Le rythme ralentit, l'arrière-plan guerrier se fait oublier et l'ensemble de plonger dans une douce fantaisie. Le regard se fait lointain une dernière fois lorsque Charles a l'occasion de sauver sa peau mais se refuse à abandonner les fous à leur sort. Des fous qui dans leur égarement gardent pourtant une certaine lucidité quant à leur temps et espace d’expression lorsqu’il ne suivent pas Charles à l’extérieur de la ville et comprennent à la fin que la fête est finie en rentrant d’eux-mêmes à l’asile sur l’entêtant thème principal de Georges Delerue, qui alterne mélancolie et envolées pétaradantes avec brio. Visuellement, Philippe de Broca offre l'une de ces œuvres les plus abouties. Les compositions de plan sont absolument somptueuses, laissant s'exprimer un surréalisme décalé dans sa nature anachronique et où peuvent s'inviter de purs moments de poésie, à l'image de cette scène où Coquelicot rejoint le bâtiment où se trouve Charles en traversant une rue sur un fil d'équilibriste. On retrouve souvent ce côté aérien qui faisait l'attrait du Farceur, voyant le héros surplomber les toits de cette ville fantôme (comme le Paris désert des aurores pour le Jean-Pierre Cassel du Farceur) de toute sa légèreté d'esprit.
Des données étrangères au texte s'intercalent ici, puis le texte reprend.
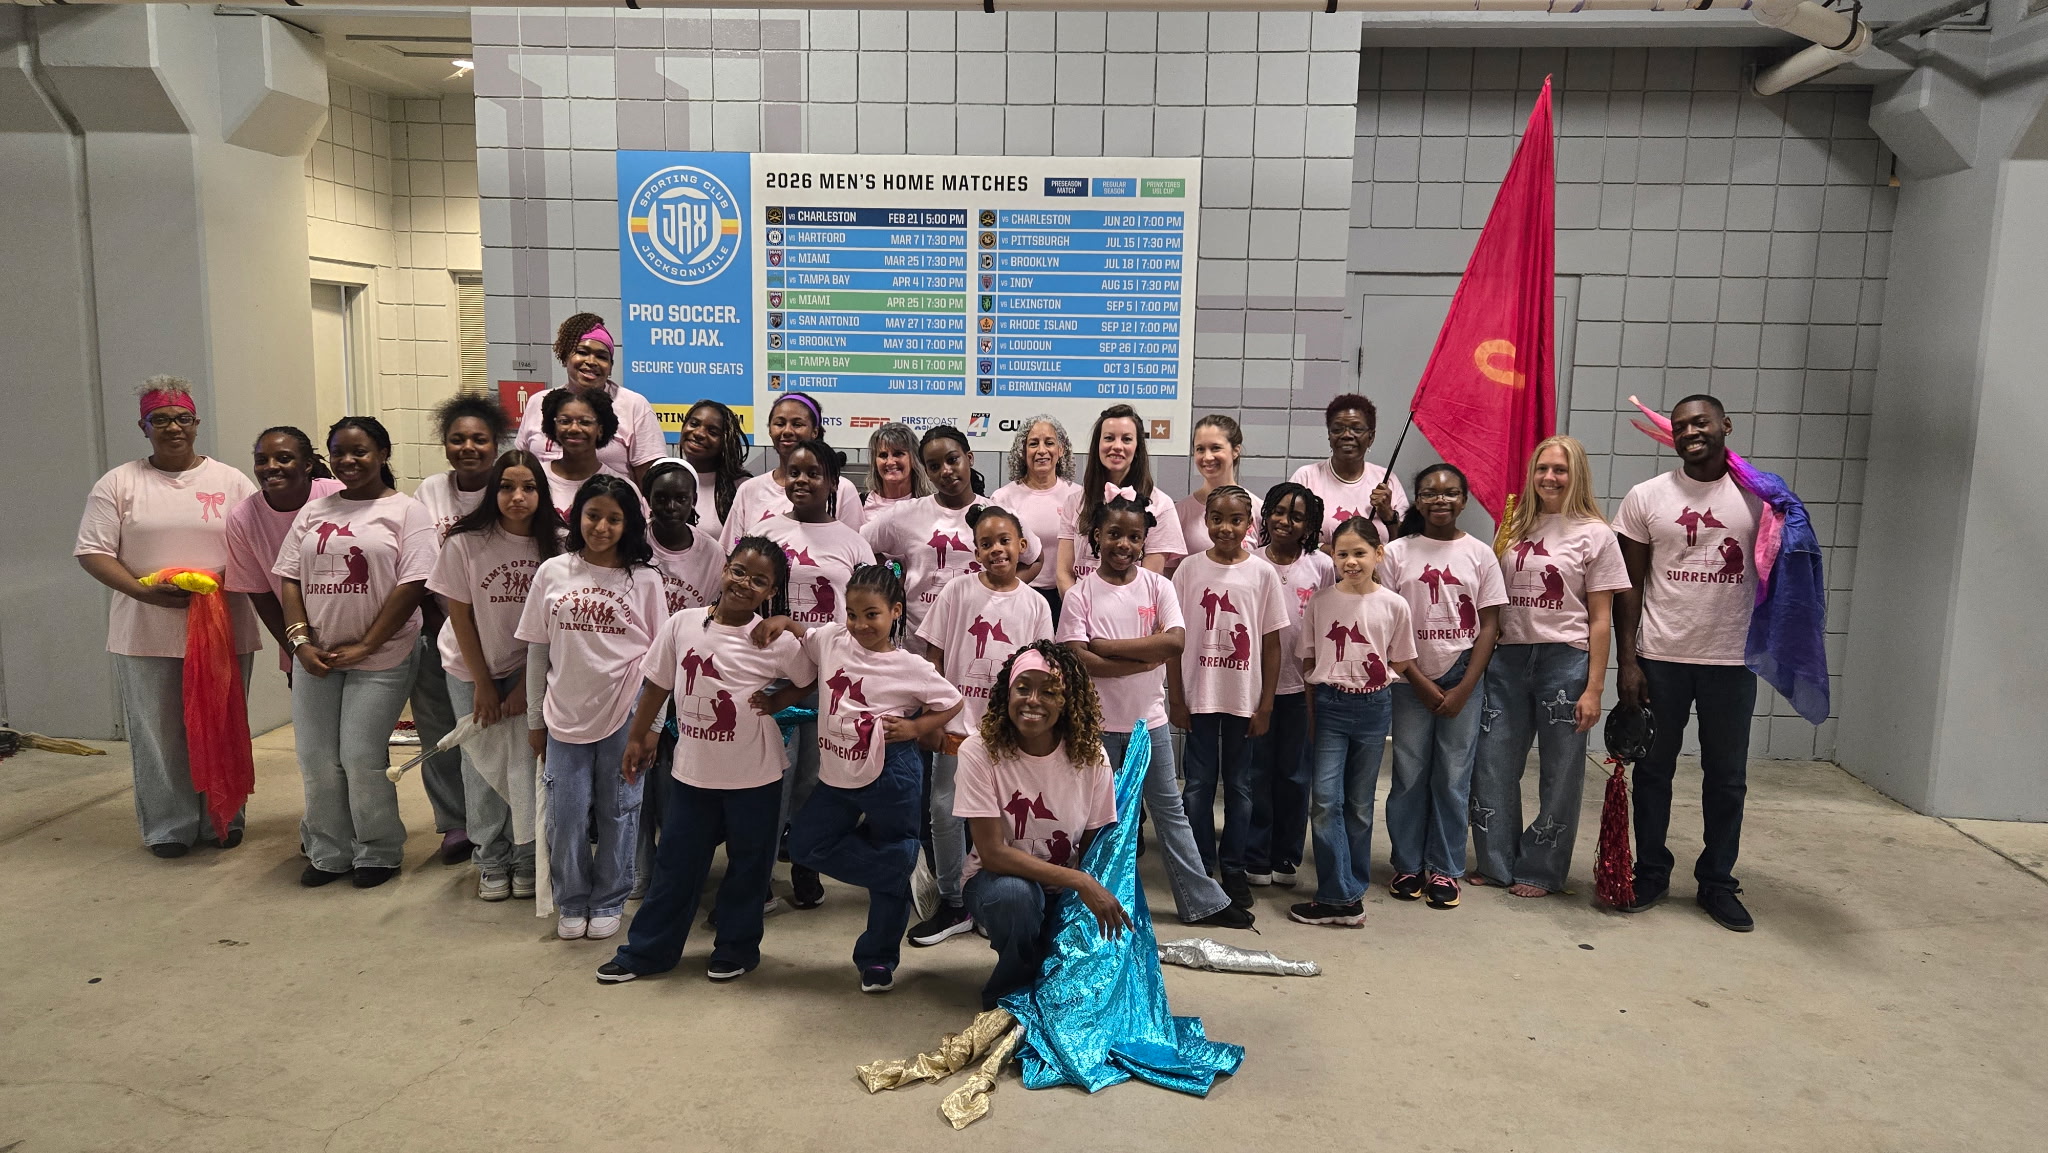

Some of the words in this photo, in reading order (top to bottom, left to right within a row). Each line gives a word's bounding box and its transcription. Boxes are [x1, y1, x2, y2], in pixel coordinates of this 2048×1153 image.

[766, 172, 812, 189] 2026
[820, 173, 876, 190] MEN'S
[883, 174, 935, 190] HOME
[942, 175, 1028, 191] MATCHES
[640, 174, 698, 207] SPORTING
[703, 181, 729, 209] CLUB
[1103, 187, 1125, 195] SEASON
[797, 210, 856, 222] CHARLESTON
[888, 212, 905, 223] FEB
[907, 213, 918, 224] 21
[925, 213, 947, 224] 5:00
[949, 213, 964, 224] PM
[1011, 213, 1070, 225] CHARLESTON
[1102, 215, 1120, 226] JUN
[1122, 215, 1135, 226] 20
[1143, 215, 1164, 226] 7:00
[1166, 216, 1181, 226] PM
[662, 202, 707, 255] JAX
[798, 231, 845, 243] HARTFORD
[890, 234, 911, 245] MAR
[913, 234, 919, 245] 7
[926, 234, 946, 245] 7:30
[949, 234, 964, 245] PM
[1011, 234, 1069, 246] PITTSBURGH
[1105, 236, 1121, 247] JUL
[1123, 237, 1134, 248] 15
[1142, 237, 1163, 248] 7:30
[1165, 237, 1180, 248] PM
[641, 245, 729, 277] JACKSONVILLE
[798, 252, 830, 264] MIAMI
[884, 255, 905, 266] MAR
[907, 255, 919, 266] 25
[926, 255, 946, 266] 7:30
[948, 256, 963, 266] PM
[1010, 256, 1059, 267] BROOKLYN
[1104, 258, 1120, 268] JUL
[1122, 258, 1134, 269] 18
[1141, 258, 1162, 269] 7:00
[1164, 258, 1180, 269] PM
[798, 273, 830, 284] TAMPA
[832, 274, 850, 284] BAY
[892, 276, 910, 287] APR
[912, 276, 919, 287] 4
[926, 276, 946, 287] 7:30
[948, 277, 963, 288] PM
[1010, 277, 1033, 288] INDY
[1101, 279, 1120, 290] AUG
[1122, 279, 1133, 290] 15
[1141, 279, 1161, 290] 7:30
[1163, 279, 1179, 290] PM
[798, 294, 830, 305] MIAMI
[886, 296, 905, 307] APR
[907, 297, 918, 308] 25
[926, 297, 946, 308] 7:30
[948, 298, 963, 308] PM
[1010, 298, 1061, 309] LEXINGTON
[1106, 300, 1124, 311] SEP
[1126, 300, 1132, 311] 5
[1140, 300, 1160, 311] 7:00
[1163, 301, 1178, 311] PM
[629, 303, 664, 322] PRO
[668, 304, 741, 324] SOCCER.
[798, 314, 816, 325] SAN
[818, 315, 859, 326] ANTONIO
[885, 317, 905, 328] MAY
[907, 318, 918, 328] 27
[926, 318, 946, 329] 7:30
[948, 318, 963, 329] PM
[1009, 319, 1040, 329] RHODE
[1043, 319, 1077, 330] ISLAND
[1101, 321, 1119, 332] SEP
[1121, 321, 1132, 332] 12
[1139, 321, 1160, 332] 7:00
[1162, 322, 1177, 332] PM
[650, 327, 686, 346] PRO
[689, 328, 724, 347] JAX.
[798, 335, 846, 346] BROOKLYN
[883, 338, 903, 348] MAY
[905, 338, 918, 349] 30
[925, 338, 946, 349] 7:00
[948, 339, 962, 350] PM
[1009, 339, 1051, 350] LOUDOUN
[1099, 342, 1117, 352] SEP
[1118, 342, 1131, 353] 26
[1138, 342, 1159, 353] 7:00
[1161, 343, 1176, 353] PM
[631, 360, 674, 374] SECURE
[676, 361, 707, 374] YOUR
[709, 362, 744, 375] SEATS
[798, 356, 830, 366] TAMPA
[832, 356, 850, 367] BAY
[892, 358, 909, 369] JUN
[911, 359, 918, 369] 6
[925, 359, 945, 370] 7:00
[948, 360, 962, 370] PM
[1008, 360, 1061, 371] LOUISVILLE
[1103, 362, 1121, 373] OCT
[1123, 363, 1129, 373] 3
[1137, 363, 1158, 374] 5:00
[1160, 363, 1176, 374] PM
[799, 376, 838, 387] DETROIT
[887, 379, 904, 389] JUN
[907, 379, 918, 390] 13
[925, 379, 945, 390] 7:00
[947, 380, 962, 390] PM
[1008, 380, 1071, 392] BIRMINGHAM
[1097, 383, 1115, 393] OCT
[1117, 383, 1129, 394] 10
[1136, 384, 1158, 394] 5:00
[1160, 384, 1175, 394] PM
[850, 416, 891, 428] ESPN
[480, 563, 508, 590] KIM'S
[1666, 570, 1744, 584] SURRENDER
[490, 595, 527, 603] DANCE
[685, 583, 704, 604] DOO
[552, 590, 579, 616] KIM'S
[582, 587, 616, 599] OPEN
[792, 611, 835, 623] ENDER
[560, 622, 594, 632] DANCE
[595, 625, 627, 635] TEAM
Le cadre de Senlis avec ses ruelles anciennes, ses remparts gallo-romains et médiévaux et sa cathédrale gothique sont magnifiquement mis en valeur par de Broca, la photo de Pierre Lhomme nous plongeant dans une atmosphère bariolée et rêvée qui offrent des confrontations déroutantes avec le réel lorsque surgissent les engins militaires.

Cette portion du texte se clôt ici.